Museum program shows how German culture influenced Easter in America

April 23, 2011|By ALICIA NOTARIANNI |
  • Historic Sites Facilitator John Bryan tells the story of the Easter egg tree to Ron Stoner and Greta Brunschwyler in the Master bedroom of the Hager House on Saturday.
Chris Tilley, Staff Photographer

The ancient German tradition of switching would not have sat well with Sierra Slick.

Sierra, 7, of Martinsburg, W.Va., learned of the tradition during the German Easter Tour on Saturday at Jonathan Hager House in Hagerstown's City Park.

Historic Sites Facilitator John Bryan said the Monday following Easter is the day of switching, a custom based on pre-Christian fertility rites.

"Carrying their rods of pussy willow or leafy branches, the boys go in little groups from house to house, apply these switches to all women, and receive small presents in reward," Bryan said.

On Tuesday, Bryan went on to say, girls were to retaliate.

But Sierra still didn't like it.

"If a boy hit me with a pussy willow stick, I would punch him," she said.

Sierra's grandparents Fred and Sissy Slick of Keedysville took her, along with her sister Laci, 5, on the tour.

"Sierra loves school.
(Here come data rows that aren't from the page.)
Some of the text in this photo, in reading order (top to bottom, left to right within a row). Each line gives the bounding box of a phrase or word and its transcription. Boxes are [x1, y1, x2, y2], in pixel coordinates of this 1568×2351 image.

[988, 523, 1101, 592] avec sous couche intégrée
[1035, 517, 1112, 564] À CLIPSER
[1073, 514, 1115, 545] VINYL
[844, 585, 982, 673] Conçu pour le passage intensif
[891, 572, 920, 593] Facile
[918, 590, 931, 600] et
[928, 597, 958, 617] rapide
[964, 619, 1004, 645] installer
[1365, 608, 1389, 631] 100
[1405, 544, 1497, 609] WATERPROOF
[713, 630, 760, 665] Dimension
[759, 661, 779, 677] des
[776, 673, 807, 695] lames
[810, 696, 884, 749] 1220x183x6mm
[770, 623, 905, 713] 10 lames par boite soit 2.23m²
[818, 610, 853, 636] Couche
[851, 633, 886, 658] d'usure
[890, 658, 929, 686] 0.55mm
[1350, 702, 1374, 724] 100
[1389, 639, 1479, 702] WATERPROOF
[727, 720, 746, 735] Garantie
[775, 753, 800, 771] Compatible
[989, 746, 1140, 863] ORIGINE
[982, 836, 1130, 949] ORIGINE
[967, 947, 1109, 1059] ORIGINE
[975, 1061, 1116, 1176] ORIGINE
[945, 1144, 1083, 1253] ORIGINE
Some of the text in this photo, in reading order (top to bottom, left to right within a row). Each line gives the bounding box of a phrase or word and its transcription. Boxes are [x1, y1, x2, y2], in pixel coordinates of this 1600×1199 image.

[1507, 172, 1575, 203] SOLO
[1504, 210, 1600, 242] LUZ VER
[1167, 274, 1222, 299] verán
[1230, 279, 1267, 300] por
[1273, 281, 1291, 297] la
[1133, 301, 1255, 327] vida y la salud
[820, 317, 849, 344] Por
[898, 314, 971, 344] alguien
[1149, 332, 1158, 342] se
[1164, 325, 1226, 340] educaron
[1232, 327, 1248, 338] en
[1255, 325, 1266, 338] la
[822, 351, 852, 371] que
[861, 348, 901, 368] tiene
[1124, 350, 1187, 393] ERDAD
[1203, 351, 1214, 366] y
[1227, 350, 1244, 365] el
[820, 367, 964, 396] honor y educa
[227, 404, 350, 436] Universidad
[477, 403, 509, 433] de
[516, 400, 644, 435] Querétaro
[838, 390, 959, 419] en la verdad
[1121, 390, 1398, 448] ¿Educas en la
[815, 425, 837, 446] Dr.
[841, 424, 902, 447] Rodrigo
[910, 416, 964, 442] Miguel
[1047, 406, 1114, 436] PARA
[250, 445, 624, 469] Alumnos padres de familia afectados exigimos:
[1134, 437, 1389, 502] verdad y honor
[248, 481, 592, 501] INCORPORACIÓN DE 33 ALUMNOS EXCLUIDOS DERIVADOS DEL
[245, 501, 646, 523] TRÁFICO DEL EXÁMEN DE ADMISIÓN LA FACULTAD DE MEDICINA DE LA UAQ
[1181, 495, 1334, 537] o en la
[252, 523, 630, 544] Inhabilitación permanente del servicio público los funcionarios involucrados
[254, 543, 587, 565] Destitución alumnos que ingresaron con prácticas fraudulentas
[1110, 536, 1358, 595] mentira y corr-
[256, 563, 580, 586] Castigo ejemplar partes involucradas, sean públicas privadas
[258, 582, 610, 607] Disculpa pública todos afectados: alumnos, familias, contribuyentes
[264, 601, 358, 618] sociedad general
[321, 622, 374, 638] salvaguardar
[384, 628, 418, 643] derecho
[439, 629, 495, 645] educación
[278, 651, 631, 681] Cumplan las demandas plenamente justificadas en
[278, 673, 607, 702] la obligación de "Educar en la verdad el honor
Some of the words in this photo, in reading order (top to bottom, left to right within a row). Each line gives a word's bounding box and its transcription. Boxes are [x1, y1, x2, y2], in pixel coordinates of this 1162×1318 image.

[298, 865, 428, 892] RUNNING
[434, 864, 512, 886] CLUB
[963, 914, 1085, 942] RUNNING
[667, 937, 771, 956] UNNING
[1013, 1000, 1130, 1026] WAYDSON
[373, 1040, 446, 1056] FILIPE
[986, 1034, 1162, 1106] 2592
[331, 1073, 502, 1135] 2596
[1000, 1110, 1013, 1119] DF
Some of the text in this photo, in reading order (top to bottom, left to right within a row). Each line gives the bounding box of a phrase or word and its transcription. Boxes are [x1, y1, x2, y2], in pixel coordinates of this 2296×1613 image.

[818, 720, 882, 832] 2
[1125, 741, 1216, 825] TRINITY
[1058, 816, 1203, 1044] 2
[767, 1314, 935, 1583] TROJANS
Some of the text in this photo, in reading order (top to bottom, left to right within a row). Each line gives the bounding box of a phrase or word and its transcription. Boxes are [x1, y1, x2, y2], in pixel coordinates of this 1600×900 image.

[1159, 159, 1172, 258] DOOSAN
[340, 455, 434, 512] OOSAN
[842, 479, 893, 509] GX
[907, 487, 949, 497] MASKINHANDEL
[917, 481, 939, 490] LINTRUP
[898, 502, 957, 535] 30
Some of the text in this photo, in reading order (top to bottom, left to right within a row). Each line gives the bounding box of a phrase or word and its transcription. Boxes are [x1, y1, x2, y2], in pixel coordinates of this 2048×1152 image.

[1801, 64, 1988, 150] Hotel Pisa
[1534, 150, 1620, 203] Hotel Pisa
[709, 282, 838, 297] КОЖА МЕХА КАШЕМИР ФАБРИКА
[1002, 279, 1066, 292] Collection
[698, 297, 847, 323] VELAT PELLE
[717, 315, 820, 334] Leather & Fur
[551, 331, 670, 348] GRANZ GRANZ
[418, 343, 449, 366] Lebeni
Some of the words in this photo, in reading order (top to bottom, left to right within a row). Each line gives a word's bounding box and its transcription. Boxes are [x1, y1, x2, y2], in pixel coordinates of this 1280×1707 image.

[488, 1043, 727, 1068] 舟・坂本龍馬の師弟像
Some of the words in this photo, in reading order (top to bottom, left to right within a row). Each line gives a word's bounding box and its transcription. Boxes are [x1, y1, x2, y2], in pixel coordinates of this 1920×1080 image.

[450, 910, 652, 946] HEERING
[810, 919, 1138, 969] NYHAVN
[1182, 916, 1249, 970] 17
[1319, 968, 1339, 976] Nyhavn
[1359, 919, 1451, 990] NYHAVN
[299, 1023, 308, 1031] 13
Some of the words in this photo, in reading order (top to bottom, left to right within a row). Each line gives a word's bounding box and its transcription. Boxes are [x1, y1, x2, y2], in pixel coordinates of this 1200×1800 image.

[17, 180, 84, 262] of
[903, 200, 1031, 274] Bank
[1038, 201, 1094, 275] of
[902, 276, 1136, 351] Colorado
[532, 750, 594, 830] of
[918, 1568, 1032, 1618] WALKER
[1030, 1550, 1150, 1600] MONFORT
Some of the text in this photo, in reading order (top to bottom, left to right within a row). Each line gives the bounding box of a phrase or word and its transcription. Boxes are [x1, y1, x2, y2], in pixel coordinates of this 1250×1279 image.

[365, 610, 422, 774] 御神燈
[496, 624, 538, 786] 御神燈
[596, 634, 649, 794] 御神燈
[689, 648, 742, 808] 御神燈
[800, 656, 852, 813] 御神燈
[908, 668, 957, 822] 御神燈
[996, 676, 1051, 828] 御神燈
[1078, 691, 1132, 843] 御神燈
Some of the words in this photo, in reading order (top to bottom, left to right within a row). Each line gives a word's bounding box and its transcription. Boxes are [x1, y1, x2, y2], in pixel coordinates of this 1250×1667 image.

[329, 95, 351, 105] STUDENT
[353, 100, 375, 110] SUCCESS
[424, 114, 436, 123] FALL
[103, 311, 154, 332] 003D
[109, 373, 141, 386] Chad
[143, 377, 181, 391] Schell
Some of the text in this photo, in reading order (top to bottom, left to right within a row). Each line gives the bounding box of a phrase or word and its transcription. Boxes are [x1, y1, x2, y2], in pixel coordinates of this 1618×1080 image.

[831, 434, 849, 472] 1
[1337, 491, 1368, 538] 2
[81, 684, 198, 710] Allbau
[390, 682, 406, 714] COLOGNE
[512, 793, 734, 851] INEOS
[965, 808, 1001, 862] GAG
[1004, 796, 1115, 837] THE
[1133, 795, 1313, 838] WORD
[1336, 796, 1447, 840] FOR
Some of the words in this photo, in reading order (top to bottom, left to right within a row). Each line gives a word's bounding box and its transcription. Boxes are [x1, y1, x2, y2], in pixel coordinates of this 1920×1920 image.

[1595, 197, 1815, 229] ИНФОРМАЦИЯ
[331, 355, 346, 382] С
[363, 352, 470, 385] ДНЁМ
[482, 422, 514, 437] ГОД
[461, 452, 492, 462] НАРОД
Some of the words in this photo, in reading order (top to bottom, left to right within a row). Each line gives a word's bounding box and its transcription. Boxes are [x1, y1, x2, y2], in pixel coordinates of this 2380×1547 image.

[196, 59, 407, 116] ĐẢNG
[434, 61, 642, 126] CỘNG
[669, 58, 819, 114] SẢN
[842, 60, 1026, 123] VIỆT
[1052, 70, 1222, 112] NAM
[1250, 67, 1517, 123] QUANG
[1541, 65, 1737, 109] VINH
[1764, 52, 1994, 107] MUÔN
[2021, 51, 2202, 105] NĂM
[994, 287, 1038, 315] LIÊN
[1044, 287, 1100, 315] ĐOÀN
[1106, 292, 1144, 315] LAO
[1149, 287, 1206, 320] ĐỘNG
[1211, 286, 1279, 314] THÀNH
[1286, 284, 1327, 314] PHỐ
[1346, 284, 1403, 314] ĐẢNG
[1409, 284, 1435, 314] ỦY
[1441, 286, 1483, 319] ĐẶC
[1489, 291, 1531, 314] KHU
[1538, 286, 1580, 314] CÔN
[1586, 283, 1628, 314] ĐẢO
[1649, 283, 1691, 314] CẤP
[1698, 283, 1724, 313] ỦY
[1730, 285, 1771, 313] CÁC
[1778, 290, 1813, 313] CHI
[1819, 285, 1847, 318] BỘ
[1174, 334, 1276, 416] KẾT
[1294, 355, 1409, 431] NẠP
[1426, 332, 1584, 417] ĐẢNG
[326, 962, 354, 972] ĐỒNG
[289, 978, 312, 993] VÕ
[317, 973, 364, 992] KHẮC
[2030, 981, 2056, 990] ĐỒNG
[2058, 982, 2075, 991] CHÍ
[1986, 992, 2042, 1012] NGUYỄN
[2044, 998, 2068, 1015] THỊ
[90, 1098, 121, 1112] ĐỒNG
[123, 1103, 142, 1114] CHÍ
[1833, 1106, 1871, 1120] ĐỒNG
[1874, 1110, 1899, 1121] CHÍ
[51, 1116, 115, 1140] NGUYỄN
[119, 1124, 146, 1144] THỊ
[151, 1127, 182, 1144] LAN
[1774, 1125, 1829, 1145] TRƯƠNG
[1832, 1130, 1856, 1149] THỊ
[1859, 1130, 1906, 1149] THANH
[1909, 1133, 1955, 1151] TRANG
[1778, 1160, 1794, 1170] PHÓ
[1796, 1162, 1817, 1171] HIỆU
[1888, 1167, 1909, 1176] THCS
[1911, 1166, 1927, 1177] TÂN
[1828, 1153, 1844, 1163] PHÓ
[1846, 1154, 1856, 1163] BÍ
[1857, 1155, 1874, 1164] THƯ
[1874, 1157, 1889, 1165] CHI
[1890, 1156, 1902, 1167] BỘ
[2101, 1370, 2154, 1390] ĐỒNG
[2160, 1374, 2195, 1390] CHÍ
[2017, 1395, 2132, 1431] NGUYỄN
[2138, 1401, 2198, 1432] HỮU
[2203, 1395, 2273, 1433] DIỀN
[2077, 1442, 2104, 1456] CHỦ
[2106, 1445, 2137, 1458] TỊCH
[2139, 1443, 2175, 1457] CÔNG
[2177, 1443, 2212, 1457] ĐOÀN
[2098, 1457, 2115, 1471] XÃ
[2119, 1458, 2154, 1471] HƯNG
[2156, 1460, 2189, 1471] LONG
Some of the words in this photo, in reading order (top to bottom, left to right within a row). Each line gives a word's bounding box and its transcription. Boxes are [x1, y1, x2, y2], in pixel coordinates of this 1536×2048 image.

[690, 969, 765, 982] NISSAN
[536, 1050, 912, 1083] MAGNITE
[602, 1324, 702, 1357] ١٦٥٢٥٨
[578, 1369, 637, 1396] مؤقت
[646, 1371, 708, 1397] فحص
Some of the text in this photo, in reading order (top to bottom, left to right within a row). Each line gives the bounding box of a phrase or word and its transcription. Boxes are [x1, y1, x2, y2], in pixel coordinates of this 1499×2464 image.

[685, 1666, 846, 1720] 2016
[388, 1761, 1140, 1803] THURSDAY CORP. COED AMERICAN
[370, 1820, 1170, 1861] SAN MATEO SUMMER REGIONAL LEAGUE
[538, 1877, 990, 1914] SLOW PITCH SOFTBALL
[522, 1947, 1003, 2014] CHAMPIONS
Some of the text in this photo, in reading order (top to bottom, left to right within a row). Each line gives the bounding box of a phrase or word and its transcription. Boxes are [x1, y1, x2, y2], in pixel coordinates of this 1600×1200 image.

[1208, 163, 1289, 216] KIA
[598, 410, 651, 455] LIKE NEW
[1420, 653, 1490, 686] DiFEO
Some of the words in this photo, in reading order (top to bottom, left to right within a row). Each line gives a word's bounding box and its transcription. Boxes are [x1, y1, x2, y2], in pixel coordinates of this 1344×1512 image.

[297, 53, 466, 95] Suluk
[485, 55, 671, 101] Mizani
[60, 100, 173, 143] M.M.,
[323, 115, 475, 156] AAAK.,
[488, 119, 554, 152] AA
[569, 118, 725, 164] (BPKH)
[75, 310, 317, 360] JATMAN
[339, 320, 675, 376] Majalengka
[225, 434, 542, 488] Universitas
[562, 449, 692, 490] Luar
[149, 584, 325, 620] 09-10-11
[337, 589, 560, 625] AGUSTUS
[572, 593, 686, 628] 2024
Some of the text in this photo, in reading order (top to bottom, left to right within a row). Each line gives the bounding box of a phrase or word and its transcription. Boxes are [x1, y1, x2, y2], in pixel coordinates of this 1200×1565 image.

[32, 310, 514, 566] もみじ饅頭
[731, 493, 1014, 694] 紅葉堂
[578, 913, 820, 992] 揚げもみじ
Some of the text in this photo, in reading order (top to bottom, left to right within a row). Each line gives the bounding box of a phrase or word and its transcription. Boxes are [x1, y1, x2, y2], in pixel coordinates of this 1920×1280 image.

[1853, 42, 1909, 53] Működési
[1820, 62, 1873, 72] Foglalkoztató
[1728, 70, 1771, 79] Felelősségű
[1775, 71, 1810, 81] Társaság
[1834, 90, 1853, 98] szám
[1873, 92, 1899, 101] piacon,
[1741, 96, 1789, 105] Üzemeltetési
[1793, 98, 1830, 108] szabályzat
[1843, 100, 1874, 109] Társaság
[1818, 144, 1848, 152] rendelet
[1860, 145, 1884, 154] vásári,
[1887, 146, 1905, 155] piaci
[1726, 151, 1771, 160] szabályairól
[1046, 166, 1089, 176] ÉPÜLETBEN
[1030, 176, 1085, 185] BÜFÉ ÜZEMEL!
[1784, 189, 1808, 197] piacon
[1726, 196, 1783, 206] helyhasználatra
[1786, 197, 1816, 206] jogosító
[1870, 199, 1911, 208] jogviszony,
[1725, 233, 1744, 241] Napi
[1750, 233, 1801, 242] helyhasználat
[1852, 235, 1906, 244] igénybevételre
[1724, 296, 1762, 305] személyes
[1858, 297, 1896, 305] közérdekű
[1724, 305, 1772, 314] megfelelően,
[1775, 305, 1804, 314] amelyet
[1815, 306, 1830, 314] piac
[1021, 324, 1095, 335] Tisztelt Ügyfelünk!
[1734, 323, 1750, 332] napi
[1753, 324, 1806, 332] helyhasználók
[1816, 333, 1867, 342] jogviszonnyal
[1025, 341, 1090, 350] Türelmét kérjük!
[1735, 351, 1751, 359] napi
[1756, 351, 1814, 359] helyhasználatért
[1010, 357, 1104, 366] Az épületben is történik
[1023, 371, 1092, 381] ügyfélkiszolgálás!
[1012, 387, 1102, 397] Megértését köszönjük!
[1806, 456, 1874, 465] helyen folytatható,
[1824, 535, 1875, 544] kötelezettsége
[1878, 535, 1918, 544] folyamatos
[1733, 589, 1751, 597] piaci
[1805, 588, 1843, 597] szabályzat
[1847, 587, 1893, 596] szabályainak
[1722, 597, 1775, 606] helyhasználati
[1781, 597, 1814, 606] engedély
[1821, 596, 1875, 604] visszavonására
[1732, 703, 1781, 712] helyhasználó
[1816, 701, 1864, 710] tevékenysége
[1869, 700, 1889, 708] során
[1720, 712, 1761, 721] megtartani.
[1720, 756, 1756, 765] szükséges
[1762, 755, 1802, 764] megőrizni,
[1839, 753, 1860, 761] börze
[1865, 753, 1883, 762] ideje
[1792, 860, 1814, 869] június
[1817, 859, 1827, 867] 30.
We thought this was something that would interest her," Fred Slick said.

Bryan said the German Easter Tour, now in its seventh year, has attracted the attention of many area residents. More than 100 people participated in about 20 tours over the course of its three-day run.

"I think people are curious about how some traditions got started. They want to know how our German culture influenced Easter here in America," Bryan said. "This is something different. They don't get this anywhere else."

Twins Angelica and Anni Hultsch, 31, of Hagerstown, attended with their mother Susan Hultsch, 60, also of Hagerstown.

Angelica Hultsch said she was fascinated to learn that pretzels were once a special Lenten food.

Easter traditions traced back to German culture during the tour included the Easter Bunny, egg dying and decorative egg trees.